Dataset content –
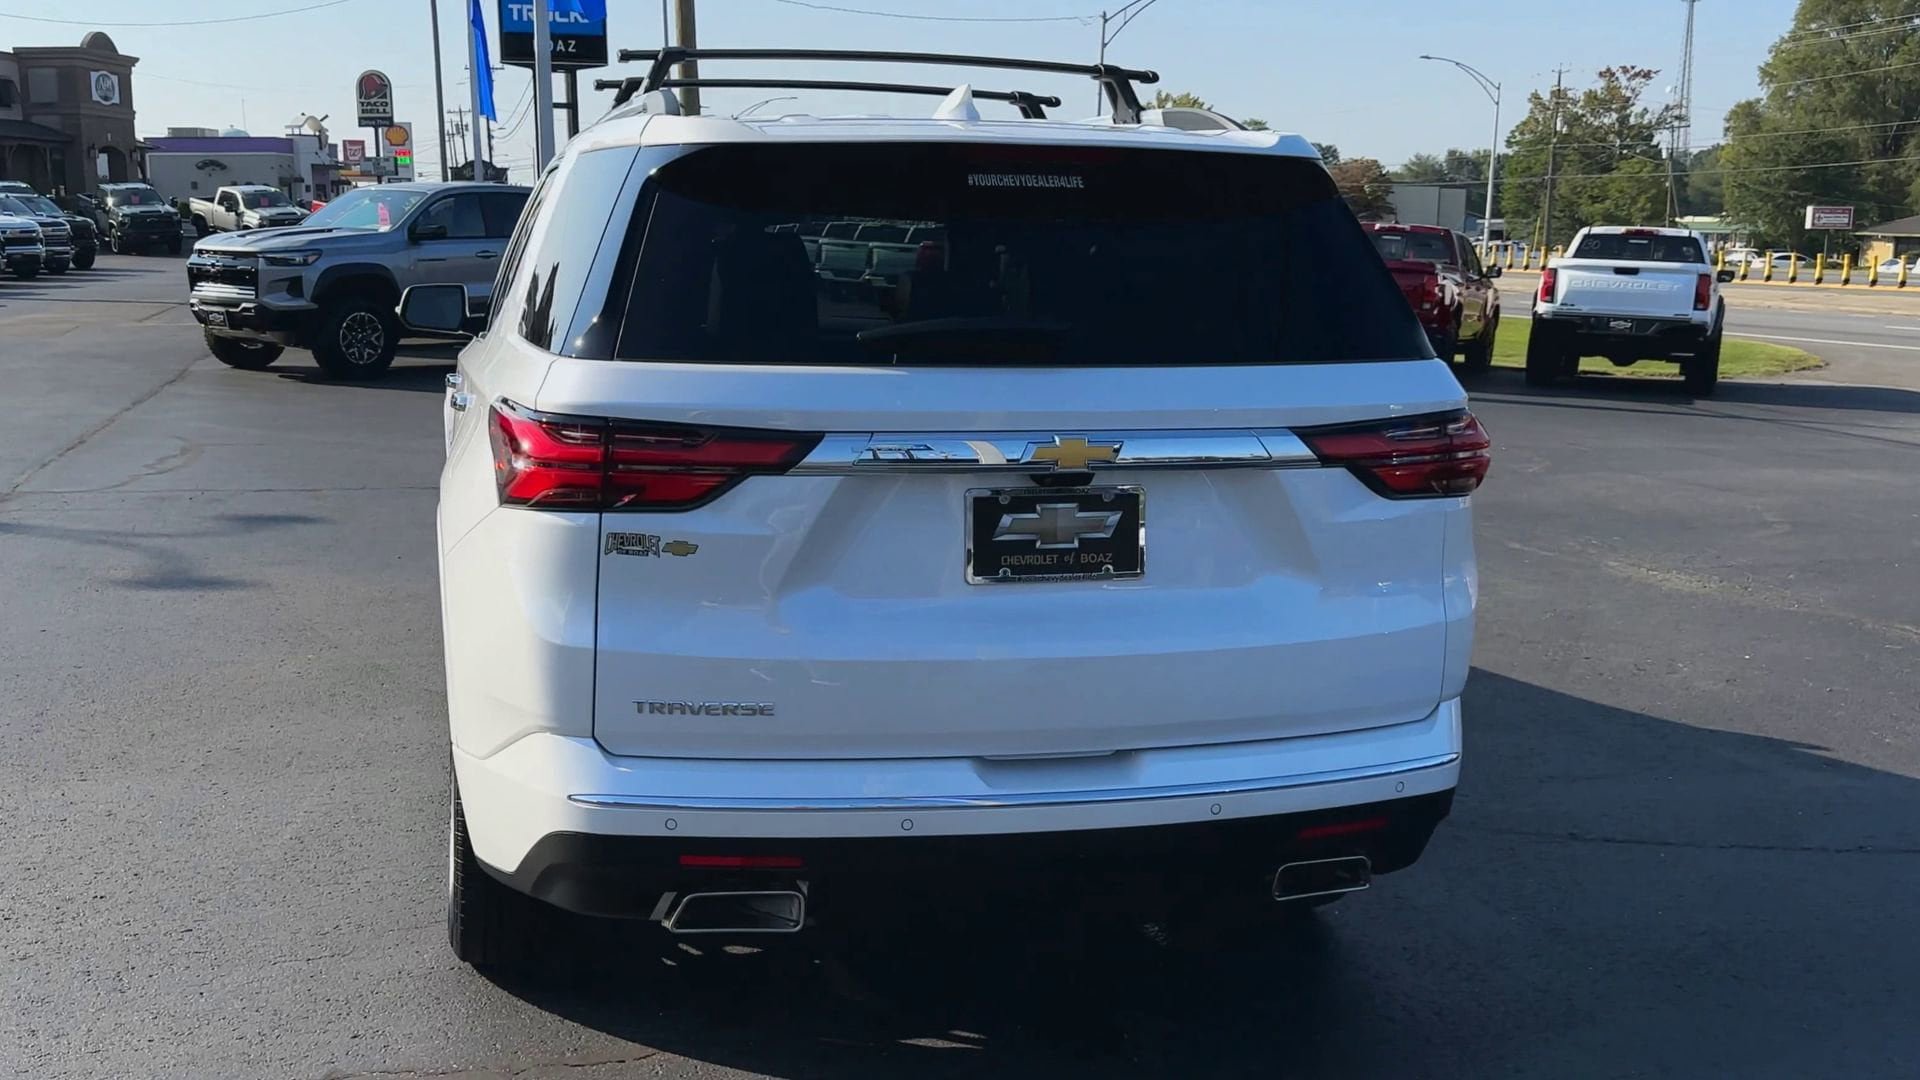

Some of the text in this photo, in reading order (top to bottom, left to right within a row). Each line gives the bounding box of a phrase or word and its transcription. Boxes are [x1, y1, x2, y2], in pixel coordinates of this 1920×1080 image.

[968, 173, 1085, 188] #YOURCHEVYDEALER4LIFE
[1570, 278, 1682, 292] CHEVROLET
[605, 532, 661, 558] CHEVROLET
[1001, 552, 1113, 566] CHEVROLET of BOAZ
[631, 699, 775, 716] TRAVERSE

==

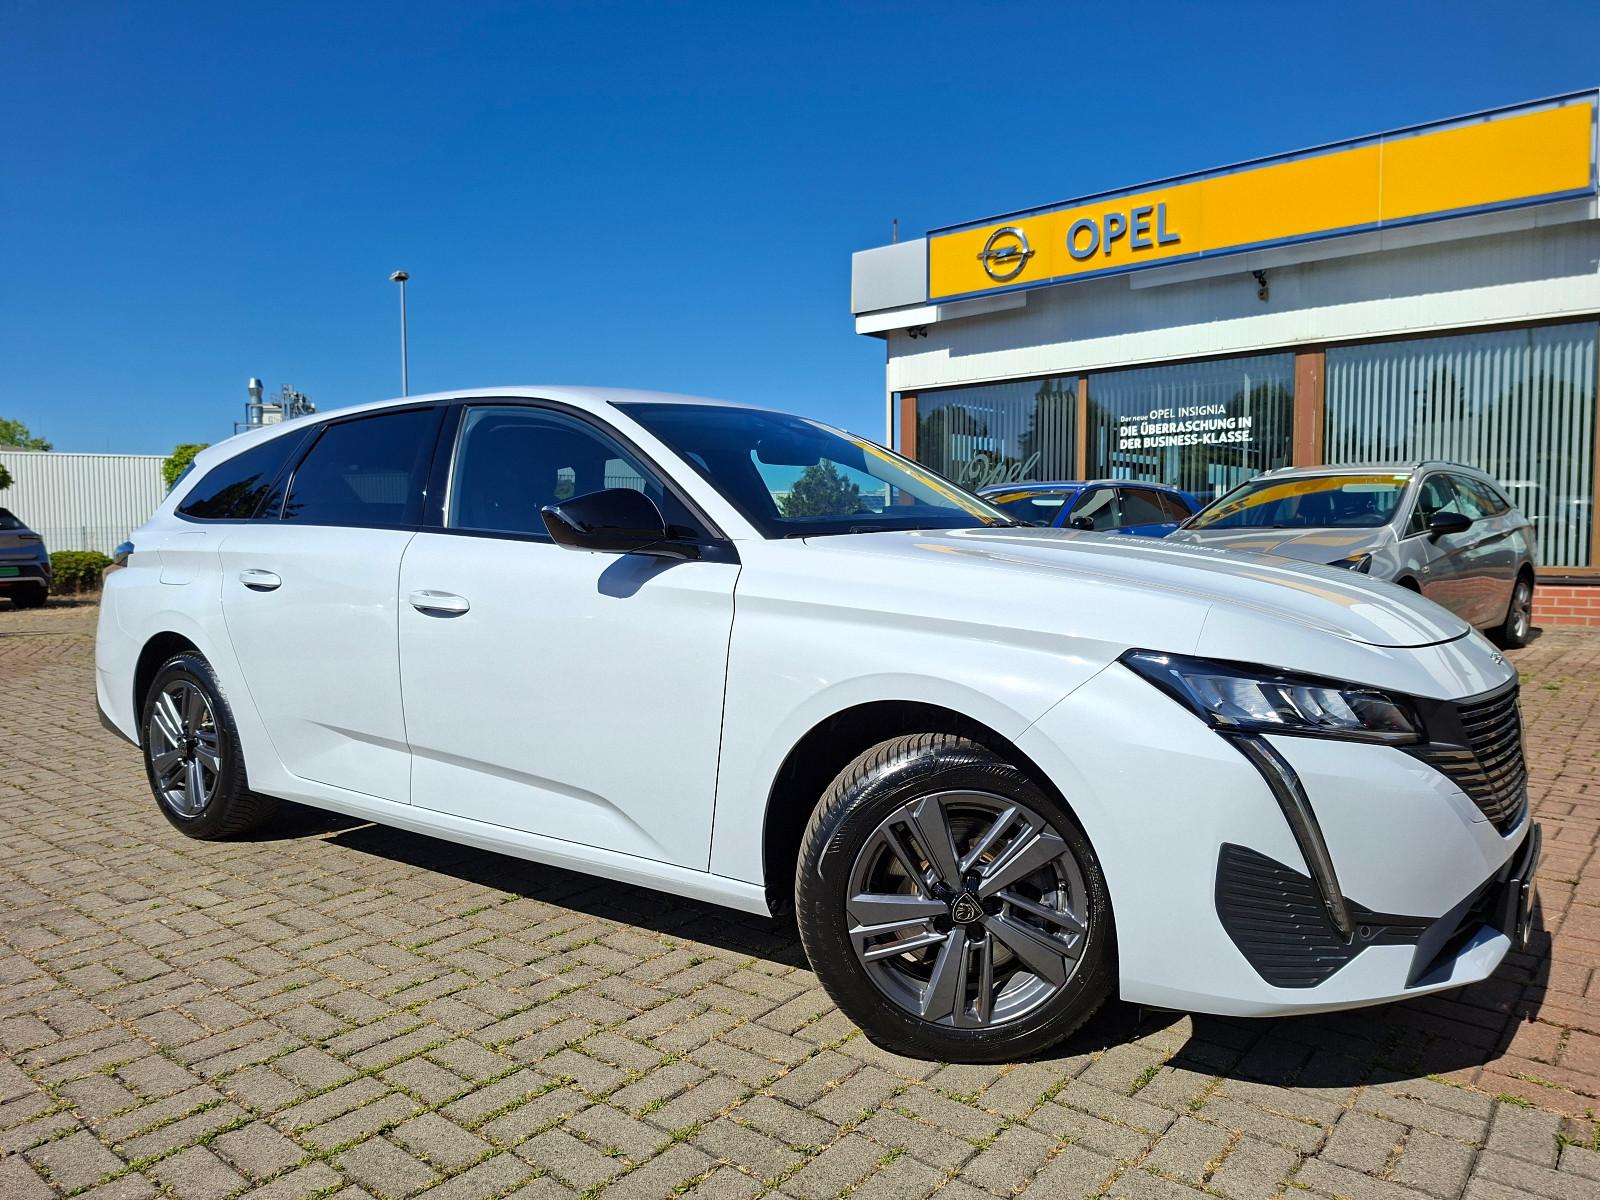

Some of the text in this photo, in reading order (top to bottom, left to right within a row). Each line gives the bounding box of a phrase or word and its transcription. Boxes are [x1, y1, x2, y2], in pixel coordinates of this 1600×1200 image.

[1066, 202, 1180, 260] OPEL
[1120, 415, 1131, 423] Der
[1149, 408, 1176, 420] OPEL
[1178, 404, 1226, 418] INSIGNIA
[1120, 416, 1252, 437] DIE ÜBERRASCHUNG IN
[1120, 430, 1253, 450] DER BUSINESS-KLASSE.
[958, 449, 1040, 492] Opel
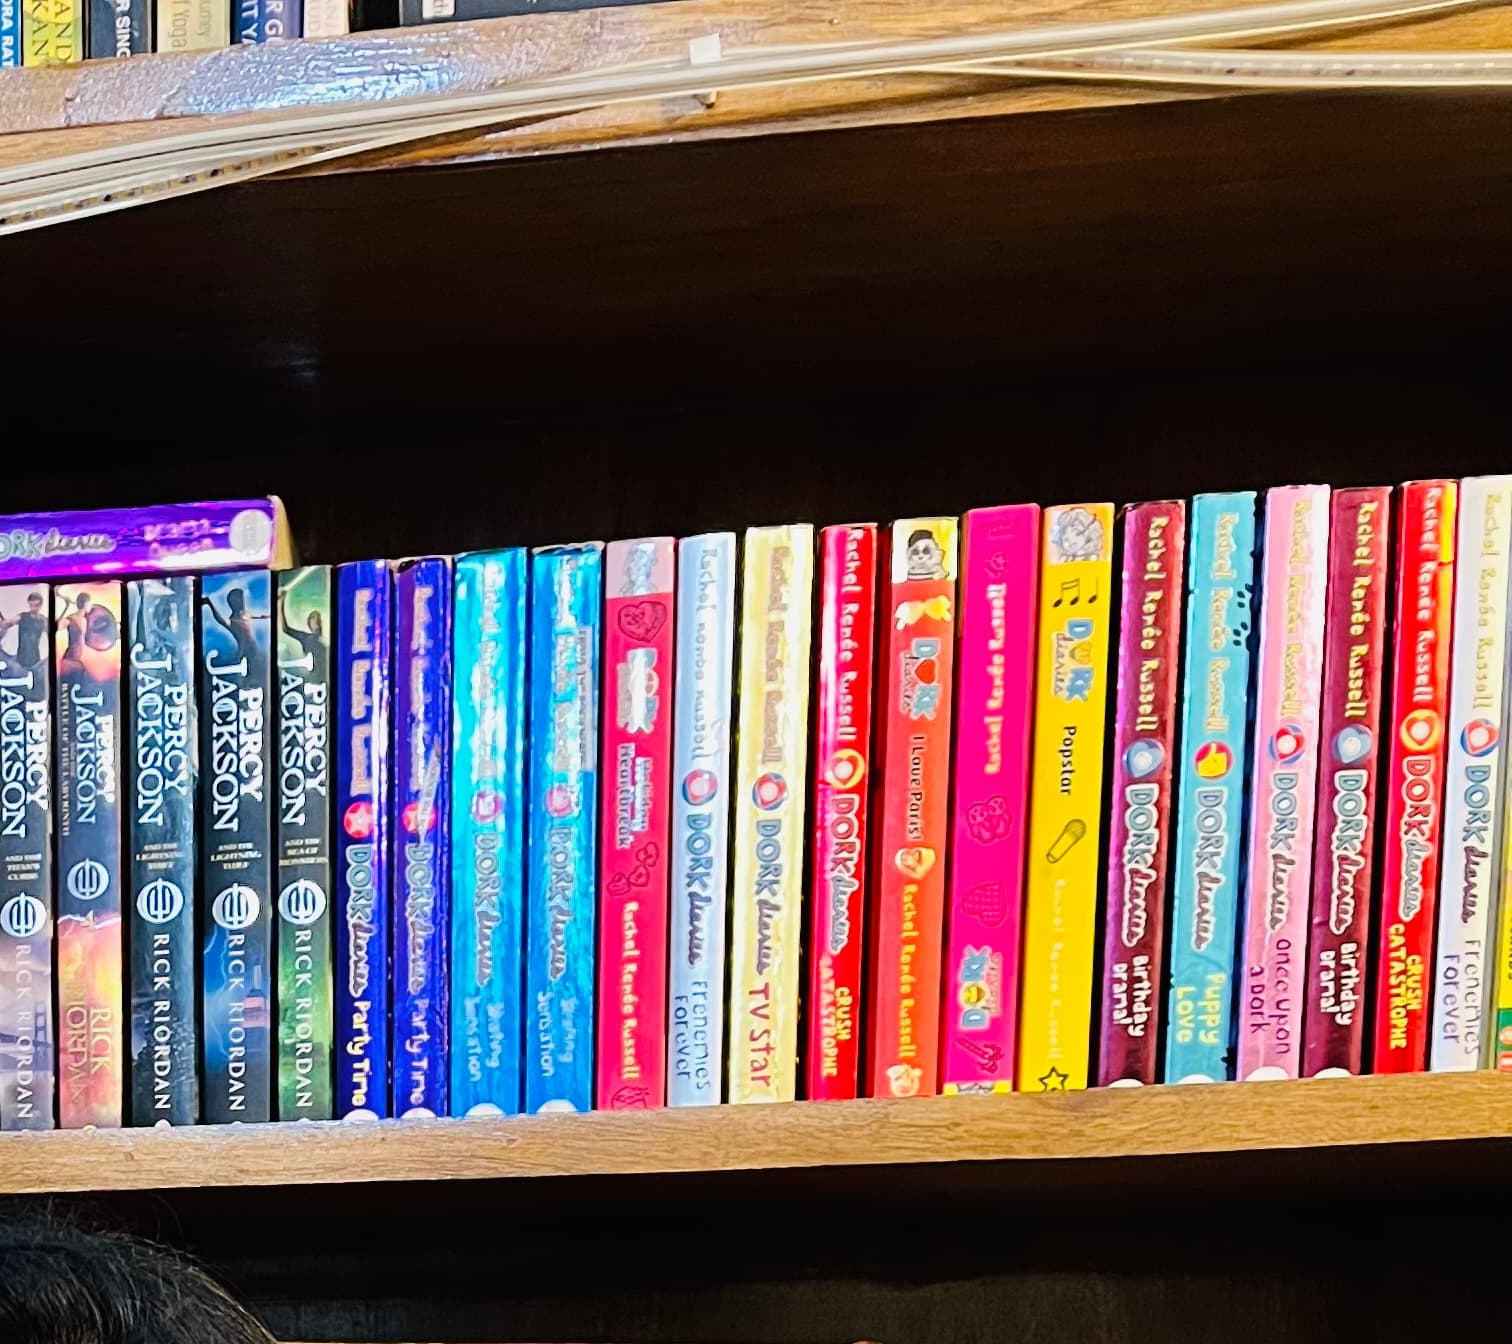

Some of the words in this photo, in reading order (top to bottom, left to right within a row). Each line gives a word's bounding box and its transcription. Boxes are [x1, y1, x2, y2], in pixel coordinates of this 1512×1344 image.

How to complete this task – From the records above, give again only the part that opens with the line containing "this 1600×1200 image." and closes with the line containing "Some of the words". Keep both ends but drop the pictures.

Answer for this exercise –
Some of the text in this photo, in reading order (top to bottom, left to right within a row). Each line gives the bounding box of a phrase or word and its transcription. Boxes are [x1, y1, x2, y2], in pixel coordinates of this 1600×1200 image.

[1066, 202, 1180, 260] OPEL
[1120, 415, 1131, 423] Der
[1149, 408, 1176, 420] OPEL
[1178, 404, 1226, 418] INSIGNIA
[1120, 416, 1252, 437] DIE ÜBERRASCHUNG IN
[1120, 430, 1253, 450] DER BUSINESS-KLASSE.
[958, 449, 1040, 492] Opel

Some of the words in this photo, in reading order (top to bottom, left to right within a row). Each line gives a word's bounding box and its transcription. Boxes are [x1, y1, x2, y2], in pixel coordinates of this 1512×1344 image.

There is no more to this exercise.